Three years post-launch, HESTA's 40:40 Vision has revealed in its inaugural progress report, based on a survey of signatory companies, that these entities are outpacing the broader ASX in achieving gender balance and are attributing their success to the benefits of gender diversity.
Launched in October 2020 with support from industry partners representing over $6 trillion in AUM, the 40:40 Vision seeks to attain gender balance in Executive Leadership Teams (ELTs) across all ASX300 companies by 2030, embodying a commitment to 40 per cent women, 40 per cent men, and 20 per cent individuals identifying as any gender.
But, while the data gathered for this inaugural report emphasises the effectiveness of target setting and spotlights the progress made by many signatory companies, HESTA’s CEO Debby Blakey said the rate of improvement remains slow and varies between businesses of different sizes and industries.

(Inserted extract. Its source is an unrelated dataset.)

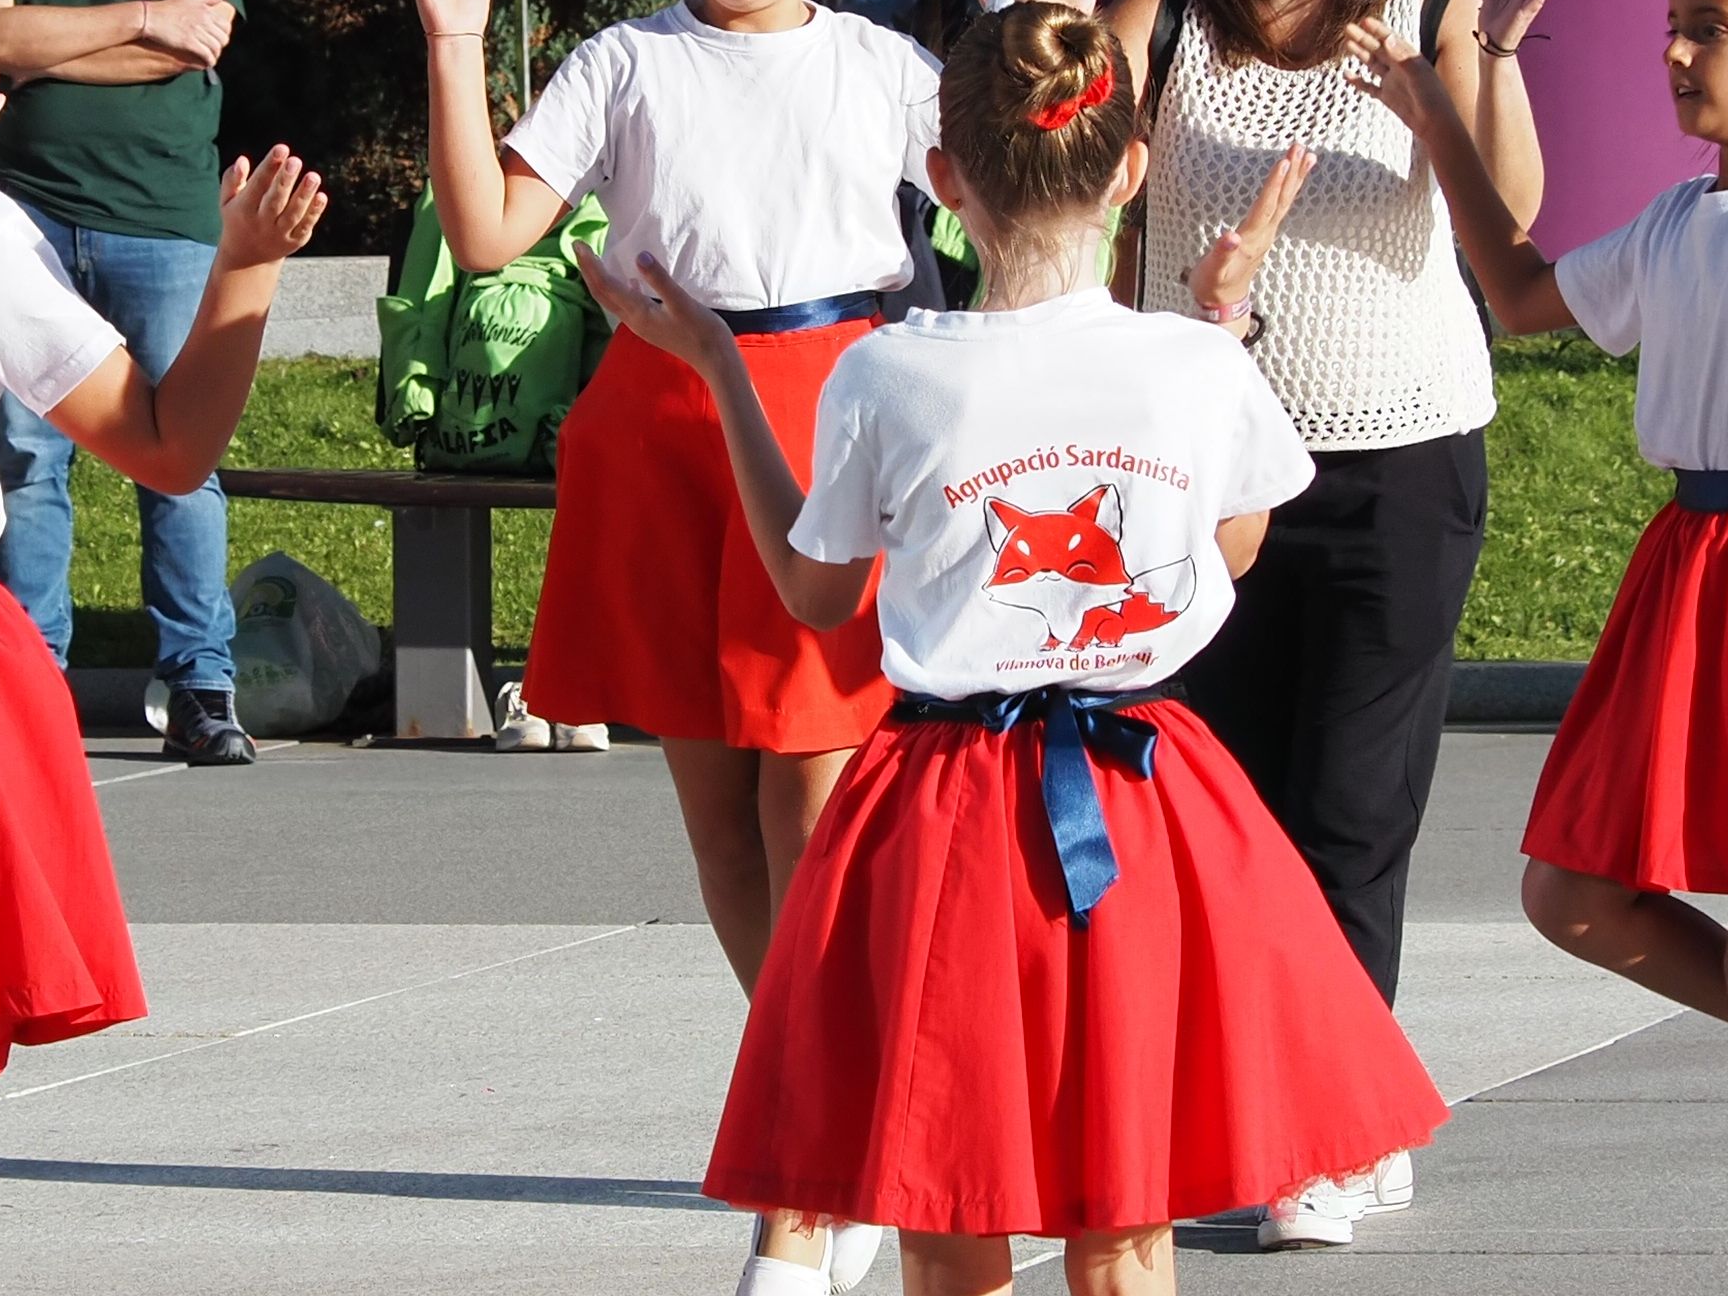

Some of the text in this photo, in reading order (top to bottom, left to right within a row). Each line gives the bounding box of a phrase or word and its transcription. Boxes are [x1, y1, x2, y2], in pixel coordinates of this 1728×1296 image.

Namely, approximately 36 per cent of all ASX300 companies are yet to set gender composition targets.
“We believe there is an opportunity for corporate Australia to do more; to create more inclusive and flexible corporate cultures, to invest in diverse pipelines that fully leverage Australia’s talent pool, to make leaders financially accountable for progress, and ultimately to better harness the performance benefits of diversity for investors. Setting targets is a step toward achieving change,” Blakey said.
On the flipside, the report indicated that 51 per cent of signatory companies have already achieved gender balance in their ELTs compared to just 23 per cent of the ASX300.
"It was also pleasing to see that of the 25 signatory companies who participated in the survey, more than 80 per cent have set interim gender targets for their ELTs, with most already achieving their interim goals,” Blakey said.
Moreover, Blakey shared that investors are elevating expectations for corporate standards, as revealed by the outcomes of a 2023 40:40 Vision investor survey. The survey demonstrates a heightened demand for stronger commitment from companies, with 90 per cent of surveyed investors aligned with 40:40 Vision emphasising gender-related objectives in their engagements with ASX-listed company boards.
Additionally, 75 per cent of these investors have exercised their shareholder voting rights to actively promote diversity initiatives.
“As an example of investor action, in 2023 HESTA strengthened its voting policy to include votes against select director elections at ASX300 companies where the board has less than 30 per cent female representation and against chairs of companies employing single gender executive teams,” the CEO said.
“HESTA took this action because of the extensive research demonstrating how organisations benefit from gender diversity, which for long-term investors, also supports strong beneficiary outcomes.”
HESTA also shared that according to 100 per cent of survey respondents, creating a gender balance in a firm improves talent attraction, retention, and company culture. In fact, more than 90 per cent of respondents said diversity delivered skillsets for future strategic needs, team performance, business results, and company reputation, while also challenging the status quo and fostering innovation while enhancing risk management.
Blakey, however, stressed the need for greater transparency, as 25 per cent of survey respondents still need to include their 40:40 Vision targets in annual or sustainability reports.
Ultimately, she and HESTA called on all ASX300 companies to set 40:40:20 gender composition targets for their ELTs, increase ambition if existing targets are below 40 per cent of women, allocate resources for diverse talent pipelines, embed accountability for change into leader performance assessments, and seek collaboration opportunities to address shared workforce challenges.
"We encourage companies to seek appropriate collaboration opportunities such as through industry bodies or diversity experts," Blakey concluded.